Shulou(Shulou.com)06/02 Report--

* * dilemma and layout of Kubernetes auto-scaling * * contents: 2.1 dilemma of traditional auto-scaling 1, problems of auto-scaling in kubernetes 2, extension of the concept of auto-scaling 2.2 kubernetes auto-scalable layout

2.1 the dilemma of traditional scalability

In the traditional sense, the main problem solved by elastic scaling is the contradiction between capacity planning and actual load.

The blue water mark indicates that the cluster resource capacity continues to expand with the increase of load, and the red curve indicates that the actual load of cluster resources changes.

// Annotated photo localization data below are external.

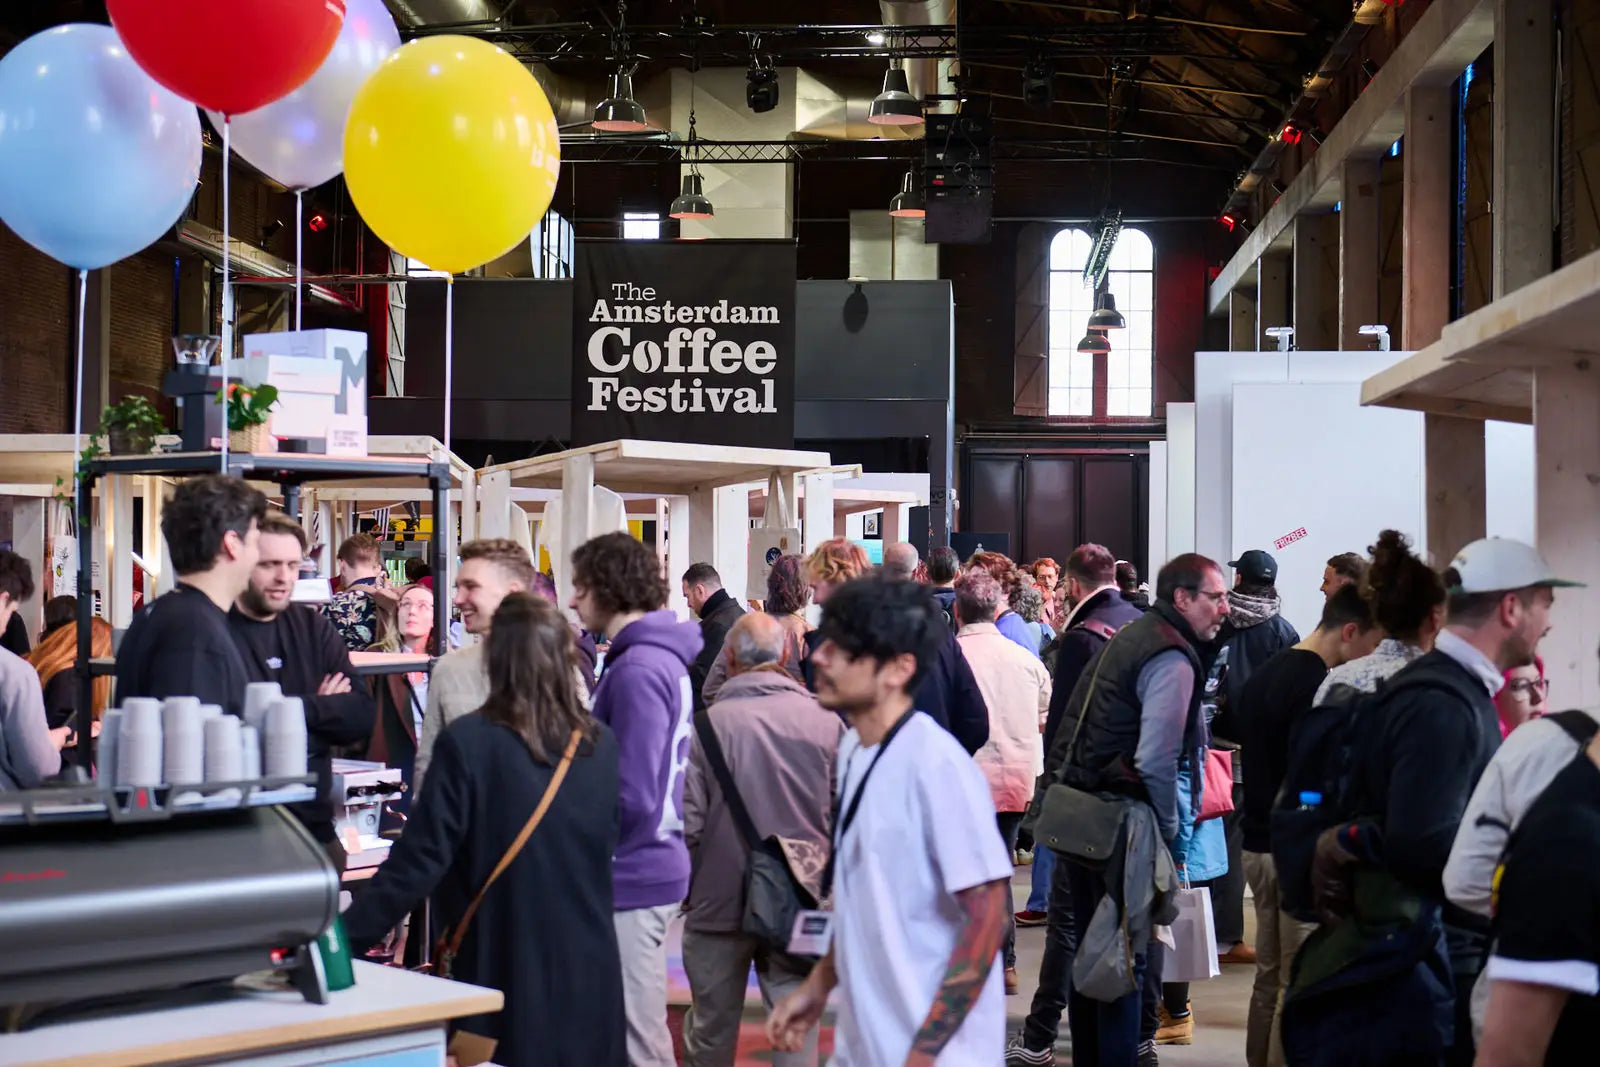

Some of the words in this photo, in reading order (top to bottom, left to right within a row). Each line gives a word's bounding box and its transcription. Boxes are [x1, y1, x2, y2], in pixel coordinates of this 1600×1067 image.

[611, 282, 656, 301] The
[588, 298, 780, 324] Amsterdam
[587, 326, 777, 375] Coffee
[587, 377, 778, 414] Festival
[1274, 527, 1308, 550] FRIZBEE

The purpose of auto scaling is to solve the problem that when the actual load increases and the cluster resource capacity does not have time to respond.

According to the traditional understanding, for example, if there are several web servers, add the machine when the load is high, and then subtract the machine from the load.

What is the difference between the traditional elastic expansion and the K8s elastic expansion?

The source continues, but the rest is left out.